If you've got minor aches and pains you tend to ignore, you may take them more seriously after hearing one Heartland man's story. After trying to take care of it by himself, the pain wouldn't go away and he realized something was wrong. He soon found out, he had a rare form of cancer. Kevin Govero says he's okay today, because he listened to his body. He hopes his story will save other people's lives.
"At that point he said we need to get it, and get it out as soon as possible," Govero says. Those words came as a shock to Govero. An avid exerciser, he takes care of himself. He had just passed a routine physical in June, but it only took his body a few months to change.
"Actually it was in September I noticed a soreness above my knee but I thought it was a strained muscle," he says. Even though he was hurting, Govero continued to work-out. He took ibuprofen hoping the soreness would go away, but it didn't and his leg just got worse. "I was noticing a fullness or hardness in my left leg. I watched for a week and it stayed firm," Govero says. That's when he knew something was wrong. "When we measured it it ended up being a half inch bigger than the right thigh and we knew something was out of the ordinary," Govero says. Govero had soft tissue carcoma, a rare form of cancer. Doctors have no idea how long it was growing or what caused it.

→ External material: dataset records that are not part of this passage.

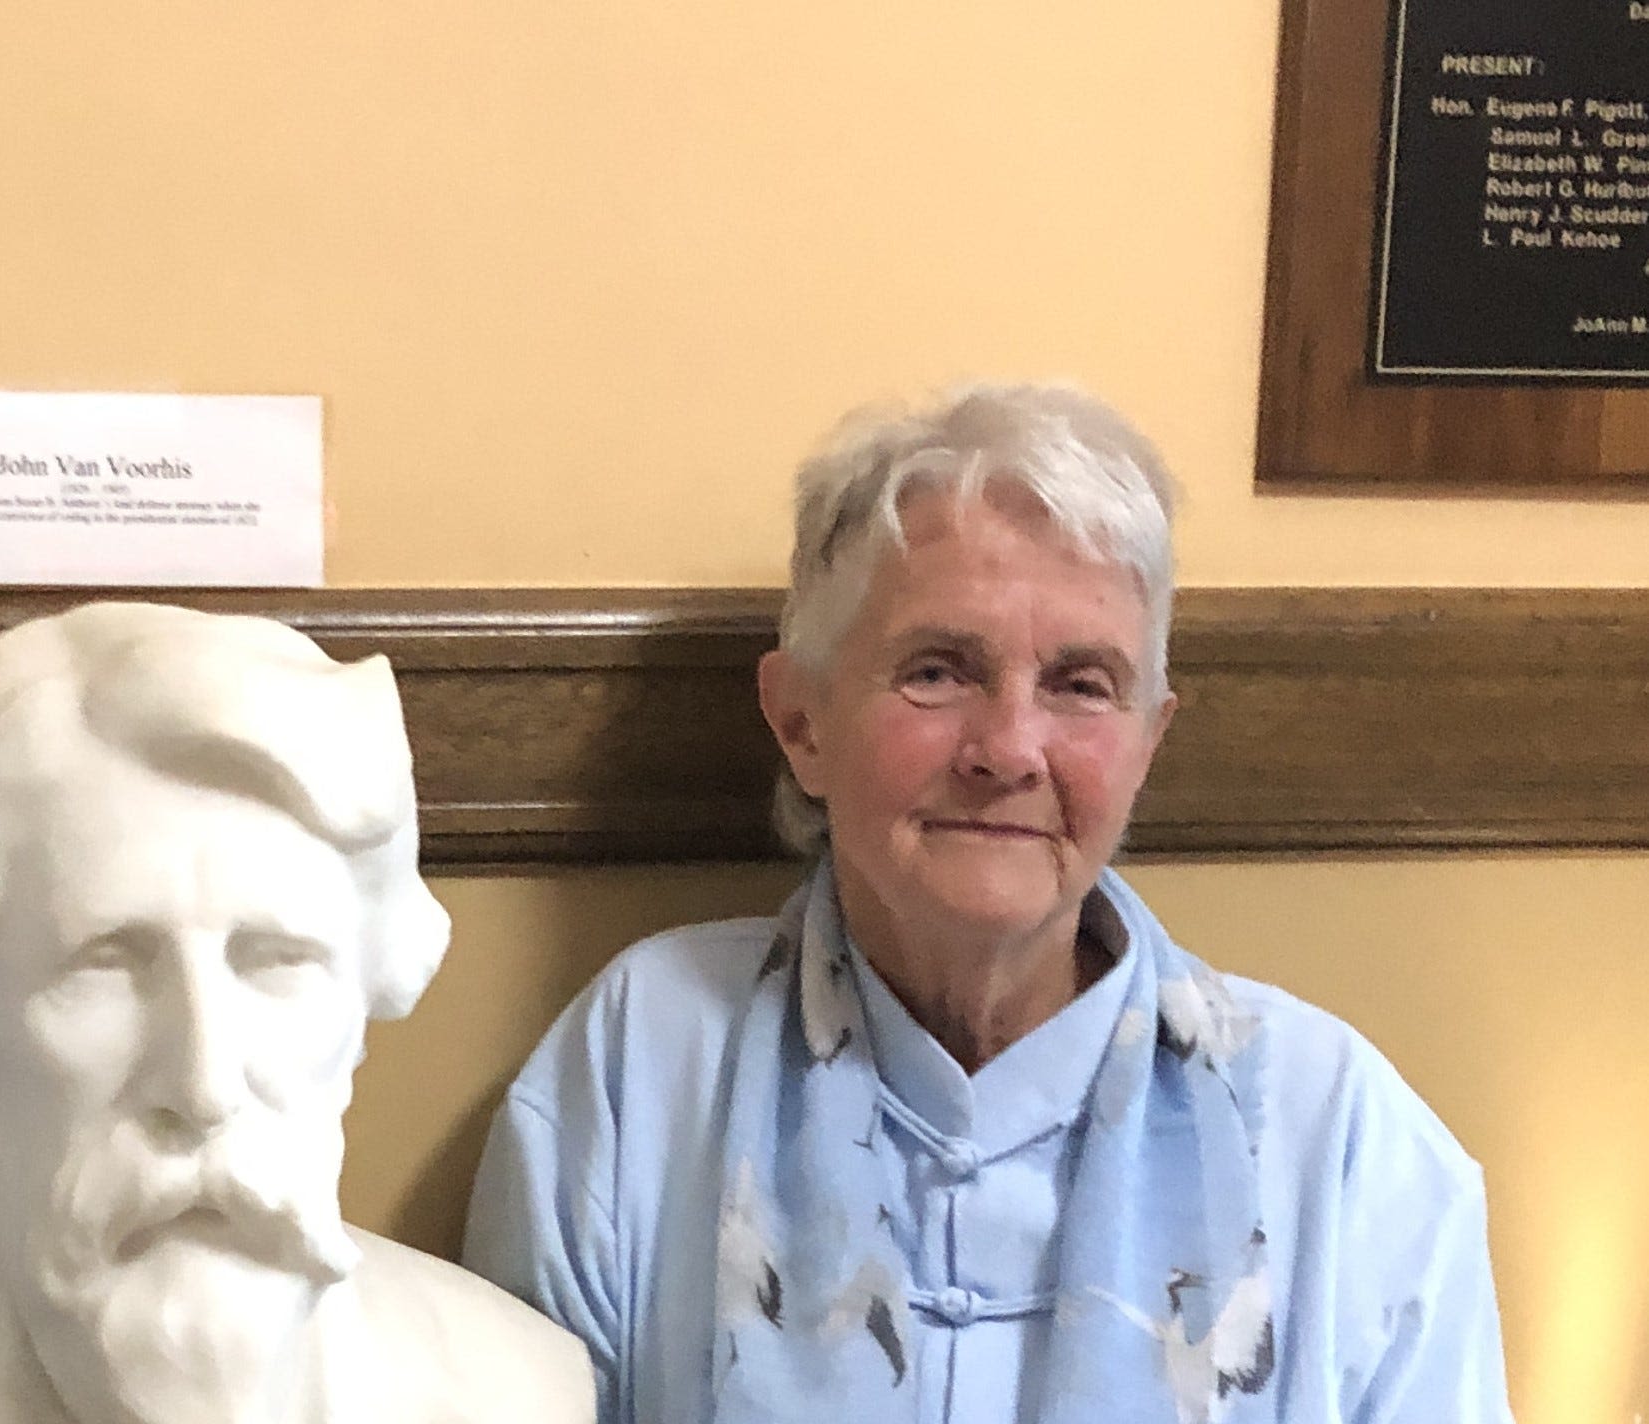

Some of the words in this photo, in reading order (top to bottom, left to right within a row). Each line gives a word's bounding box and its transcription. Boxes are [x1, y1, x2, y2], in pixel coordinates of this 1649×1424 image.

[1431, 97, 1474, 117] Hon.
[1486, 97, 1558, 121] Eugene
[1490, 127, 1562, 146] Samuel
[1602, 128, 1649, 148] Gree
[1488, 153, 1577, 173] Elizabeth
[1616, 155, 1649, 174] Pin
[1486, 177, 1552, 198] Robert
[1583, 180, 1649, 199] Hurlbu
[1484, 204, 1541, 226] Henry
[1510, 228, 1552, 248] Paul
[1561, 230, 1622, 249] Kehoe
[54, 454, 100, 477] Van
[105, 454, 193, 479] Voorhis

A scar on his left thigh is a constant reminder of the seven inch tumor doctors removed from his leg. Now, Govero spends time five days a week getting radiation. "What I have is not something that can be detected in a blood test or any test, it just shows up," he says.

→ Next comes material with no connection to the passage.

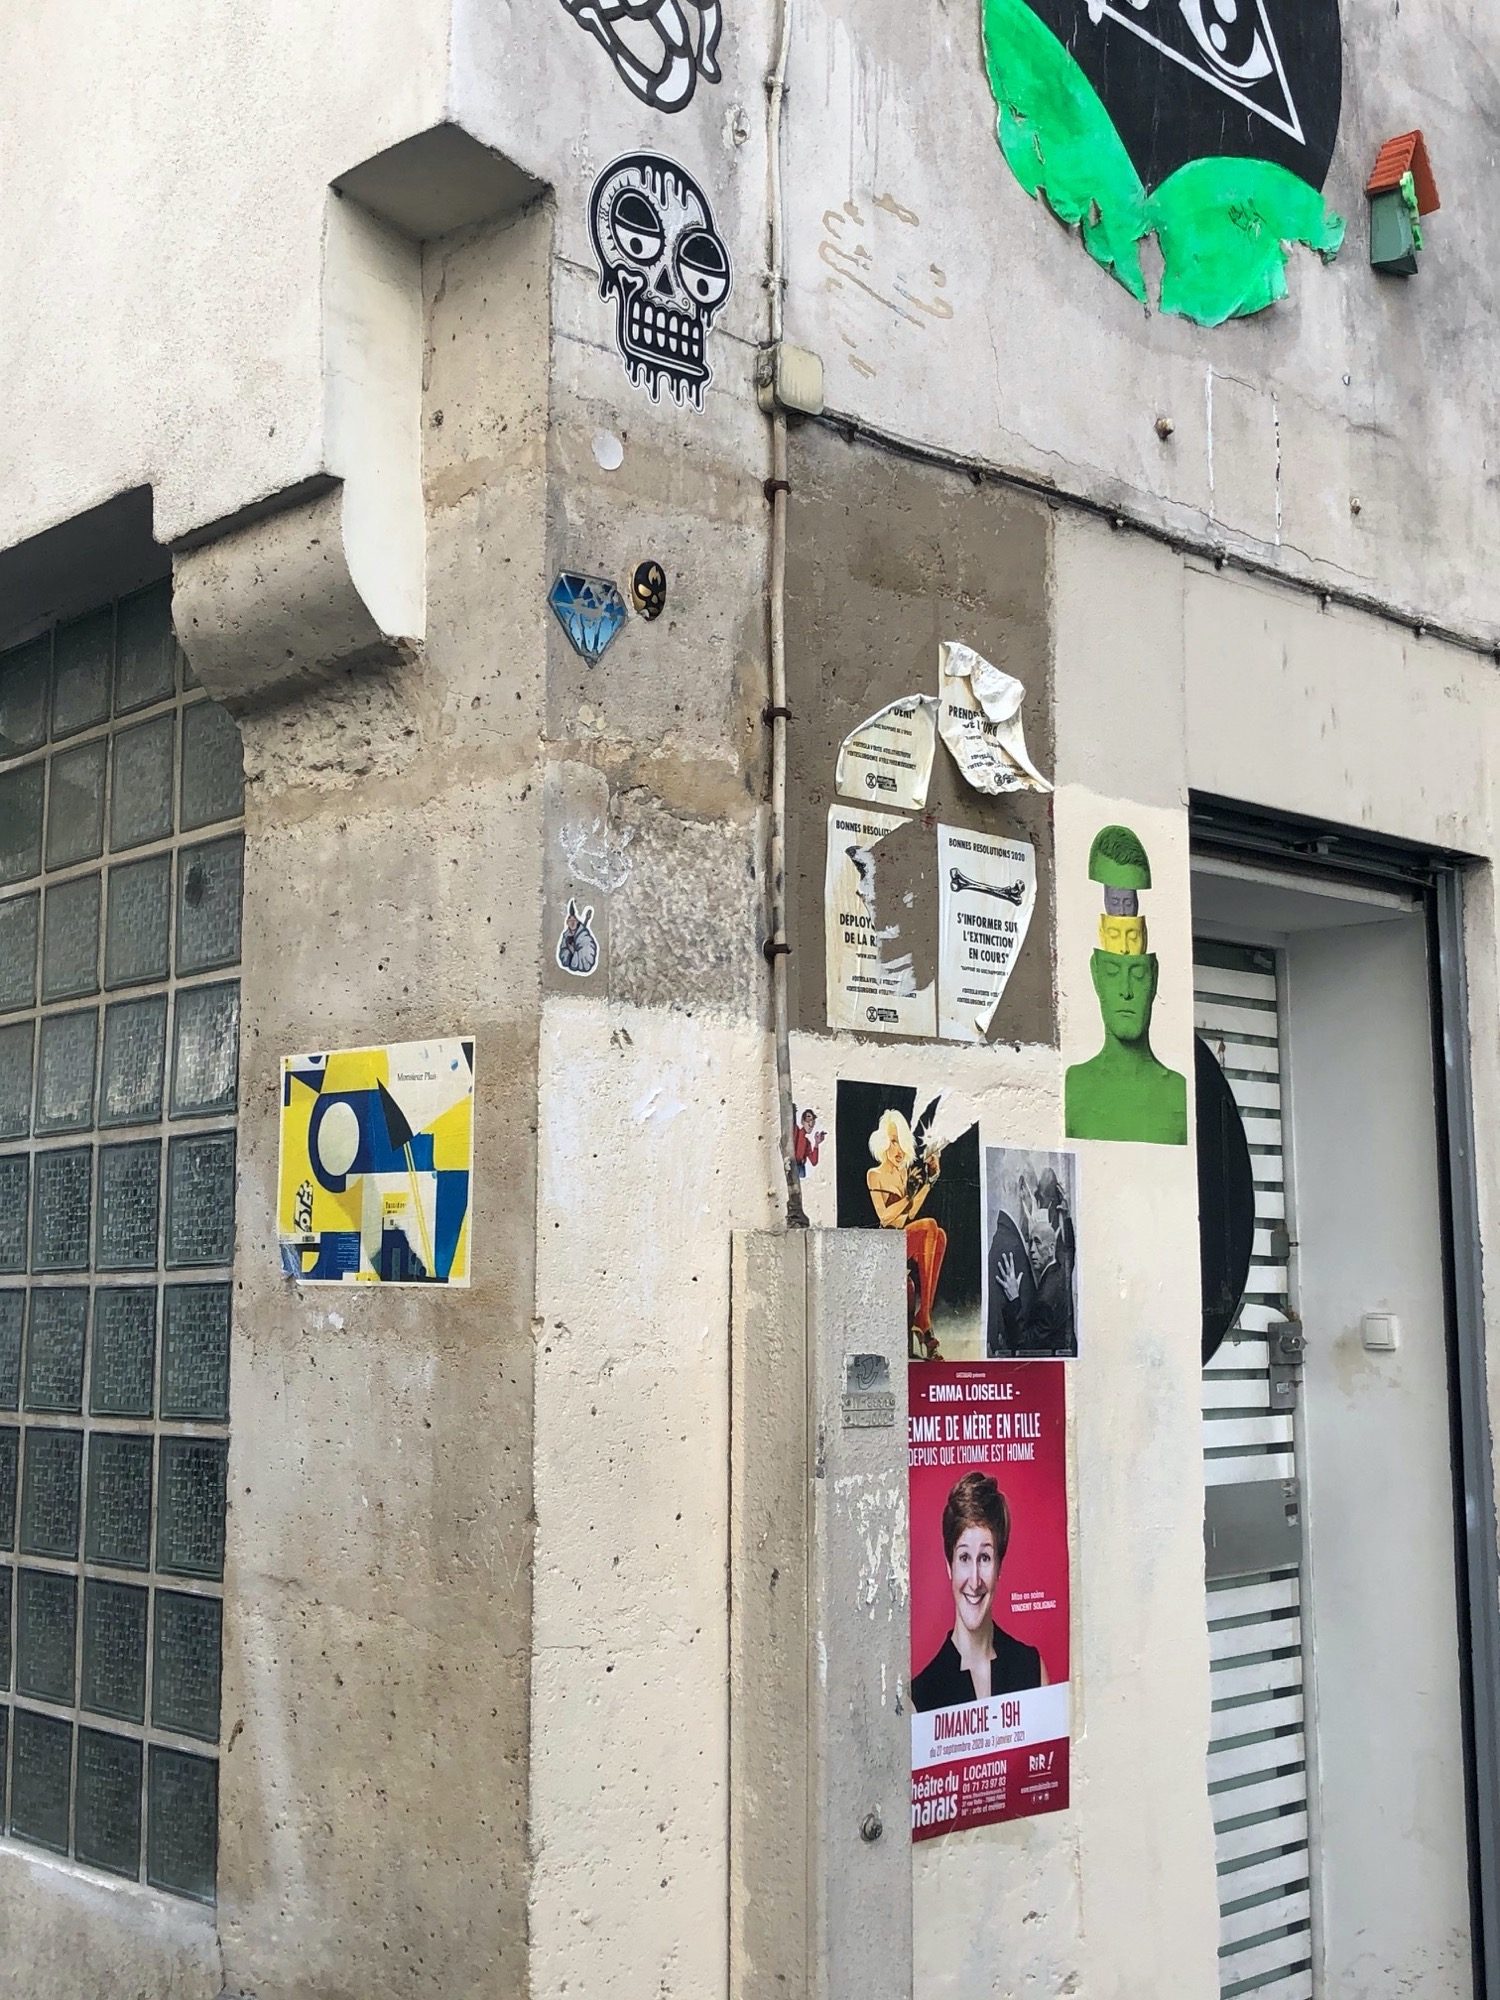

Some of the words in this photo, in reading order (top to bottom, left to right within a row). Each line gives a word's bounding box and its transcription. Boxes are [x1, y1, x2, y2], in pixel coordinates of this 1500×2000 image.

Govero isn't letting the radiation get him down. He still goes to the gym whenever he can. He sometimes even goes there after radiation. He says being active helped him be more aware of his body, and get to the doctor sooner.

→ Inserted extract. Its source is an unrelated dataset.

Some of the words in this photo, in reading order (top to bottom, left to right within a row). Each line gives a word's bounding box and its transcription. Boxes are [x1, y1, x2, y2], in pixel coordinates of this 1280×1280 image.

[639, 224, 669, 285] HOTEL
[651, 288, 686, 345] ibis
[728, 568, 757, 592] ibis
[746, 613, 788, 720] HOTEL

Govero will have to go through seven weeks of radiation. He says it's a small price to pay, for his life. "Don't ignore anything your body is telling you. If your body tells you something's wrong, listen to it, because it's telling you something's wrong."
Govero's prognosis is good, and his cancer is treatable because it was caught early. He says he's lucky he caught the cancer in the stage it was in, before it metastasized to his lungs or lymph nodes.